Falz manages to achieve this style with a hippy beat, questioning impotency
in the country’s leadership from the presidency to the senate as well as
malpractice in Nigerian politics, cyber criminals, cunning clergymen and he also
uses the medium to urge Nigerian’s to quit suffering and smiling but to fearlessly
talk out on how they feel.

Apparently ‘AMEN’ taps another Fela classic ‘Coffin for Head of State’ with
interpolations from the track, as he bluntly accuses The Clergy class again of
criminally exploring the resources of their congregations in disguise of church
contributions and sowing of seeds.
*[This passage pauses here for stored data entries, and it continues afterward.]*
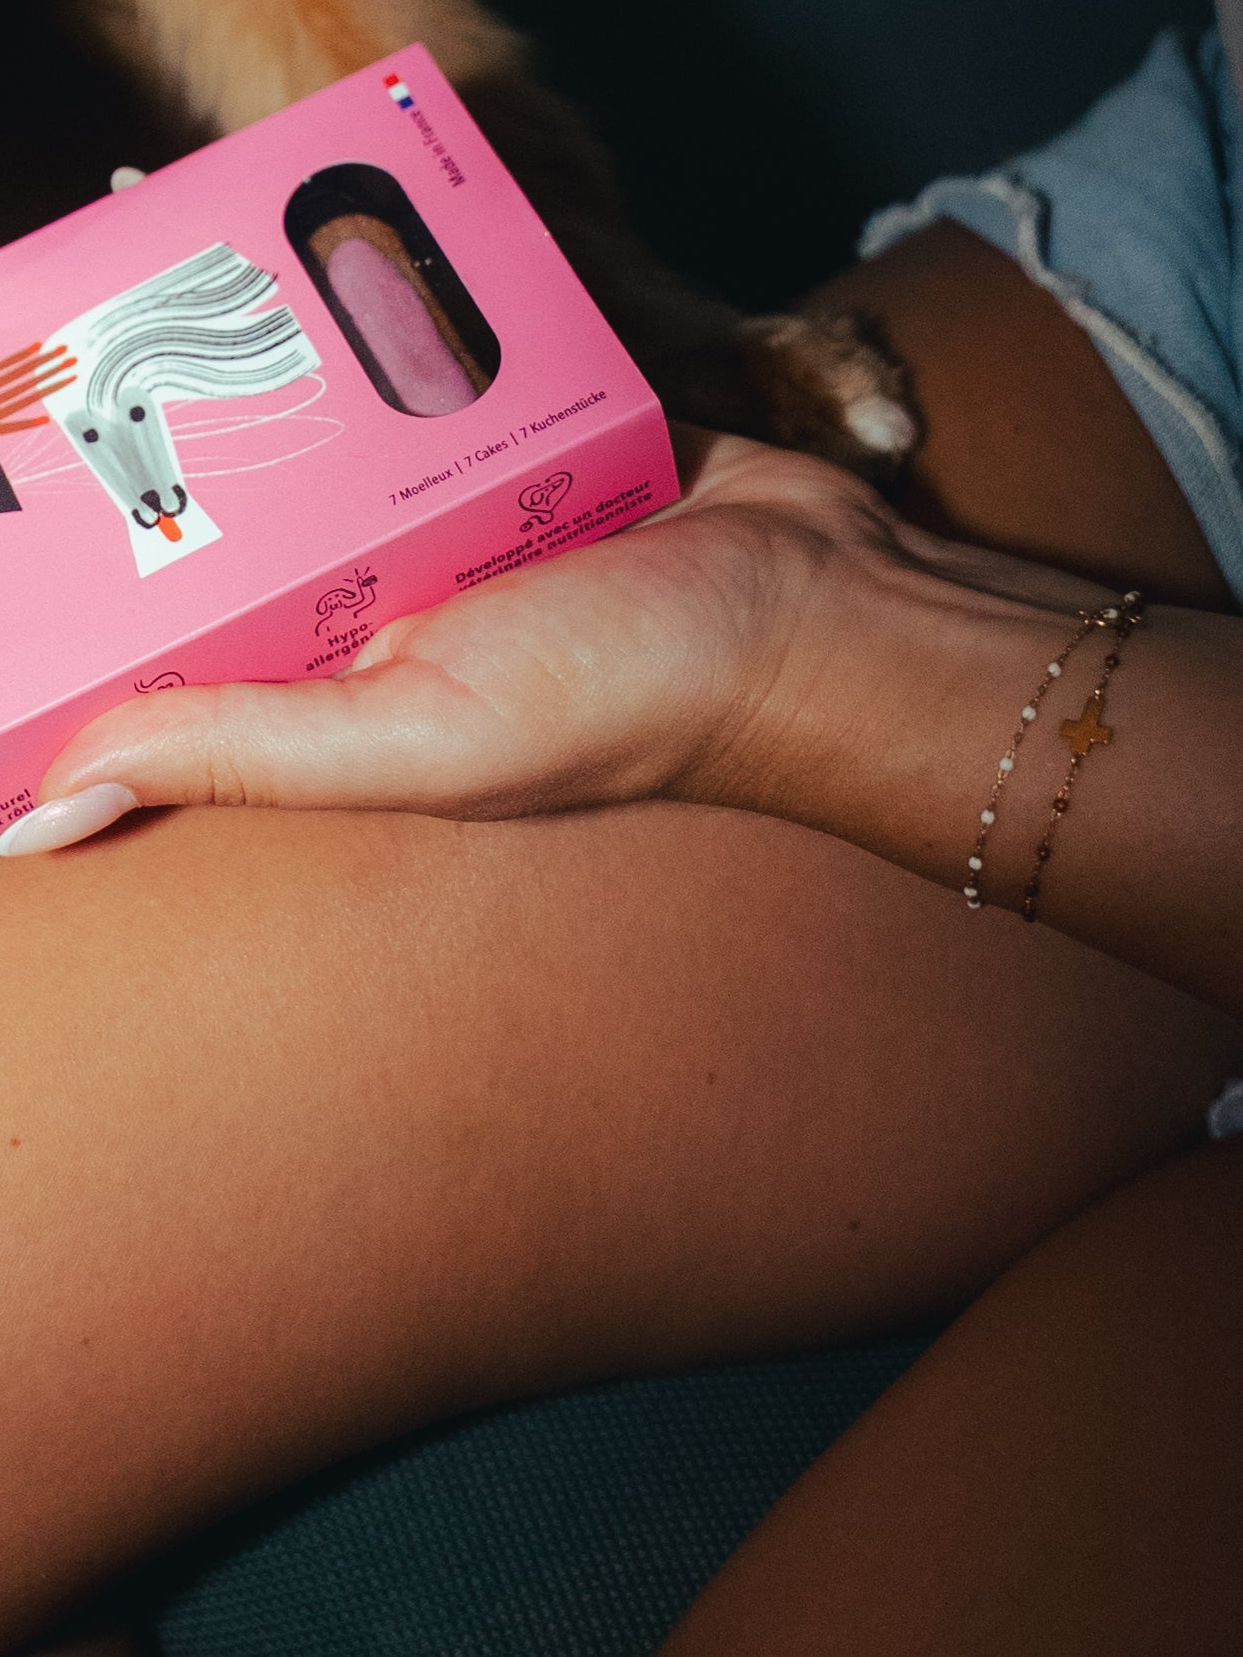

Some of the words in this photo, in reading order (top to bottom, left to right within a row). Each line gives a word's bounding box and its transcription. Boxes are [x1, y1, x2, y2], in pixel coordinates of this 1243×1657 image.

[440, 156, 465, 188] Made
[388, 494, 398, 506] 7
[399, 468, 454, 501] Moelleux
[463, 455, 473, 468] 7
[474, 439, 509, 463] Cakes
[519, 427, 529, 439] 7
[529, 390, 607, 434] Kuchenstücke
[455, 538, 533, 584] Développé
[537, 522, 570, 544] avec
[572, 510, 593, 526] un
[595, 479, 651, 513] docteur
[547, 492, 653, 550] nutritionniste
[306, 630, 374, 672] allergéni
[327, 622, 374, 647] Hypo-
[7, 800, 35, 821] rôti
He indirectly calls Christians gullible and
vulnerable because of their blind followership and even goes as far as accusing
some ‘Men oh God’ who have been considered trailers of the afro mentioned
path, he does this in an indirect way without name dropping but every picture
painted by his clever use of imagery only points towards the Religious leaders in
real life Nigeria.

Track no. 6‘BROTHER’S KEEPER’ is straight balladic, as it takes a sad tone

with the instrumental done by Sess who also takes credit for the chorus as he
sings ‘’no be only you dey this world’’. The track pleads on every person outside
their recording booth to be selfless in living and consider the circumstances that
would come to be in other people’s cases before taking any action. The track is
generally emotive and Falz again comes for the neck of corrupt and care free
politicians and privileged people who act selfishly, the track substantially contains
a message similar to Alicia Keys ‘We Are Here’ and 2 Face’s ‘See me So’.
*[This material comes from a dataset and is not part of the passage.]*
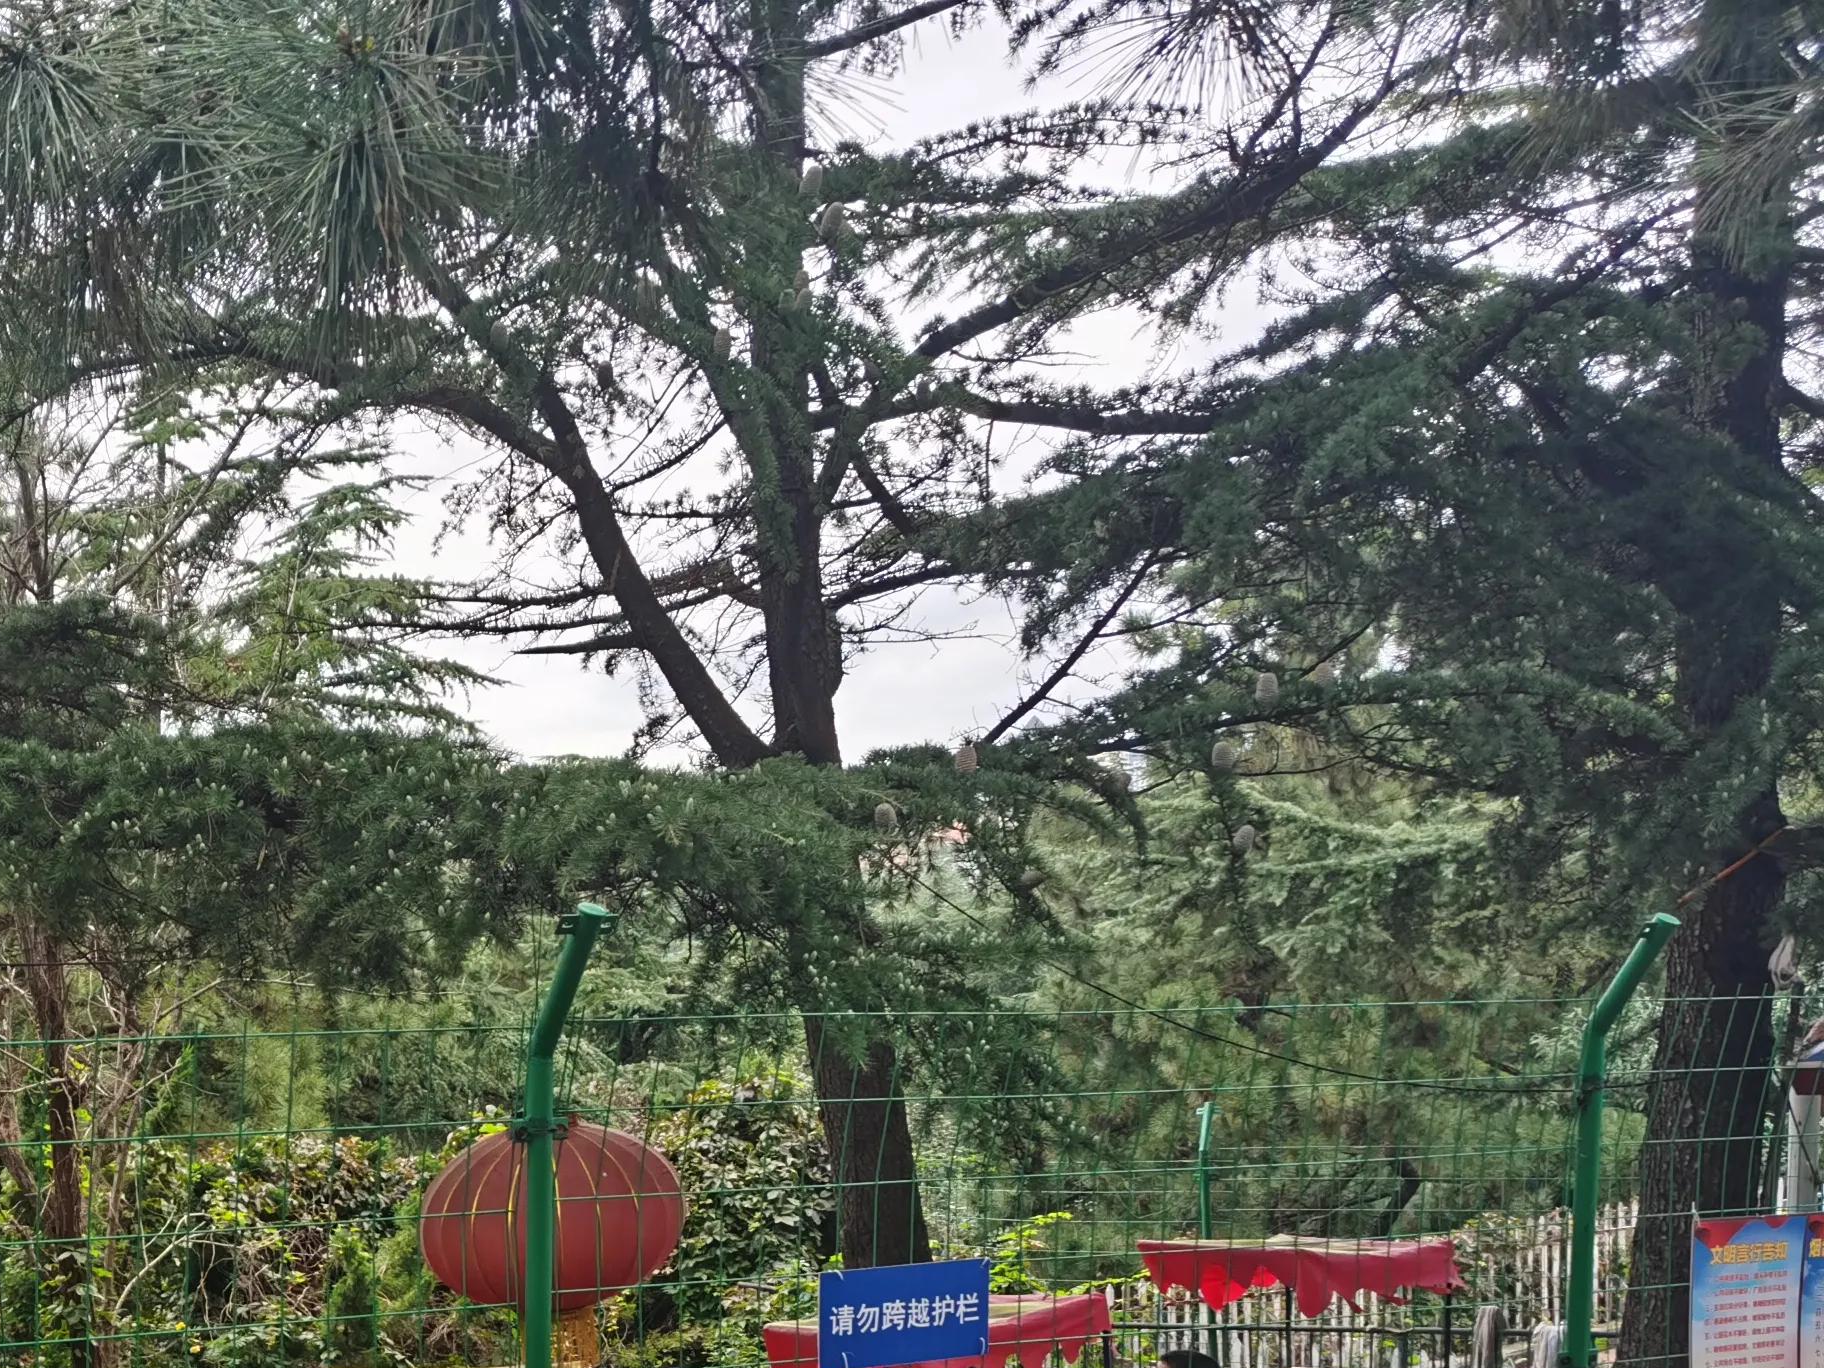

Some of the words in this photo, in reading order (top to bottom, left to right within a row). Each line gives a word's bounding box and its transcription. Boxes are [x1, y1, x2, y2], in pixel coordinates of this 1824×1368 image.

On a really personal level the lines ‘’ man down! But I can’t help, no! they’ll
attack me, na armed robber tactics but wait make I snap pics…..They brought a
man with a gunshot wound to my clinic but I would need police report before I
treat it’’ got me stupor emotional, hey! It’s a generation were people are scared
of making sacrifices but want to be sacrificed for and it just hurts that we are all
part of it.

‘PAPER’, next on the track list features Chillz who sings the chorus with
smooth baritone vocals that paints a scary background on the track accompanied
by the beat which explains the dreadful practices young people do just to get rich,
the track which is also a warning shot to people who indulge in illegal, anti -
religious and anti-social acts ranging from Cybercrime, ritual killings, prostitution,
robbery, fraud etc. just to become financially high and influential individuals in
the society.

If you dey read dis article ‘E NO FINISH’ yet oo!, yes, Falz dosen’t stop, and
this time late Mr. Kuti’s ‘Army Arrangement’ is brought into play on a Typical
Juju/Afrobeat track which he use as an encore track to do a summary of Nigeria’s
problems, on this track Falz lets us know that he is using his voice rightly to speak
out for the voiceless on a critical subject matter and pays homage the man, the
myth, the legend late Fela Anikulapo Kuti, for his legacy and iconic personality
that has survived over the years. Falz also states that he has a lot more to talk
about on the ‘Nigerian condition’ which could point towards a sequel of this work
of art, apparently it doesn’t end there as the sample instrumental crosses over
the ninth and final track ‘AFTER ALL SAID AND DONE’ were Falz uses Spoken word
style to do thesis of the didactical sermon, were he examines the content of the
afro mentioned tracks and also uses the opportunity to say he himself is not
perfect after all but if everyone takes a stand and do the right thing the revolution
could eventually happen.

Wow! I feel free after doing this and after numerous listens I came up with
a theory that this album could be listened to backwardly and still make sense just
like Kendrick Lamar’s ‘DAMN’, You’ll know what all these means if you always
listen to music incisively (Albums especially) but also because this joint is a real
sh**. These album has achieved on me what every work art should do, it has
provoked every angle of my thinking faculty, I don’t know about what people
think but am giving this work a 9.5/10.